If maintaining mixed environments, document which shell version your scripts target to avoid compatibility surprises.

Multi-Database Inspection Workflow

When auditing an instance, list databases first, then iterate collection lists per database with explicit context switching. This avoids confusion caused by similarly named collections across environments.

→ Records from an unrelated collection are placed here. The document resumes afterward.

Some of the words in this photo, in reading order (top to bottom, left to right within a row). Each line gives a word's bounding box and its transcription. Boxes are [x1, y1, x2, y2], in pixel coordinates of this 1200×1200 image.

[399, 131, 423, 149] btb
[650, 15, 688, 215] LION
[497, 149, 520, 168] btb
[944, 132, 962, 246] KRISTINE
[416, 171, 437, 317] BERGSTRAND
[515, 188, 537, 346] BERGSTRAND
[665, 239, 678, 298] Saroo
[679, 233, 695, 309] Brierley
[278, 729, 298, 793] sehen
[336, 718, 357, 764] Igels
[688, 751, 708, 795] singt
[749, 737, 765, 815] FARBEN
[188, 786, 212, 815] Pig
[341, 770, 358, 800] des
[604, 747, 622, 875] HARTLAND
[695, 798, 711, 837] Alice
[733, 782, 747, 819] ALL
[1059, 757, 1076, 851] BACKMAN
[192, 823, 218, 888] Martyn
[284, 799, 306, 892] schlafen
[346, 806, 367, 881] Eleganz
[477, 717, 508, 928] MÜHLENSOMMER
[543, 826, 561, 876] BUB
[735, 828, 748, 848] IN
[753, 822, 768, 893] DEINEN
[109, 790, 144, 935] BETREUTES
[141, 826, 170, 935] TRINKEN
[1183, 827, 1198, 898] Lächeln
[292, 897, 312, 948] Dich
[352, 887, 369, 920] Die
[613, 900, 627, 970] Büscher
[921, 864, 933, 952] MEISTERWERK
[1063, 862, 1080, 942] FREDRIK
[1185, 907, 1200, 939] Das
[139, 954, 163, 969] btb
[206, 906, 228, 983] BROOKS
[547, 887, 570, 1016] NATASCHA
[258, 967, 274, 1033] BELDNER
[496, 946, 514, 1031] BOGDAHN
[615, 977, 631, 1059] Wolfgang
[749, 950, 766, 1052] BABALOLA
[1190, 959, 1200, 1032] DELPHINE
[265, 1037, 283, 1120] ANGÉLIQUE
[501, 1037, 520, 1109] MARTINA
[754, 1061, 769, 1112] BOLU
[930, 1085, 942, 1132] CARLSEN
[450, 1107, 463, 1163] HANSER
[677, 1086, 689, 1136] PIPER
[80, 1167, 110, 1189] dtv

In administrative scripts, include current database name in output so exported reports remain unambiguous when reviewed later.

javascript
1db.adminCommand({ listDatabases: 1 }).databases.forEach(d => {
2  print("Database:", d.name);
3  const database = db.getSiblingDB(d.name);
4  printjson(database.getCollectionNames());
5});

For production operations, store shell command outputs with timestamps and environment labels to make later incident comparisons straightforward.

Review access rules regularly.

Common Pitfalls

  • Running collection listing on wrong database after forgetting to switch context.
  • Assuming use means database exists with data when it may still be empty.
  • Using show collections in scripts where structured JSON output is needed.
  • Overlooking permission limits and interpreting missing collections as data loss.
  • Hardcoding credentials in command history or shared scripts.

Summary

  • Use show collections for quick interactive checks.
  • Use db.getCollectionNames() or listCollections for scriptable and metadata-rich workflows.
  • Always confirm database context before interpreting output.
  • Handle authentication and roles explicitly in operational scripts.
  • Prefer mongosh for modern MongoDB shell automation and maintainability.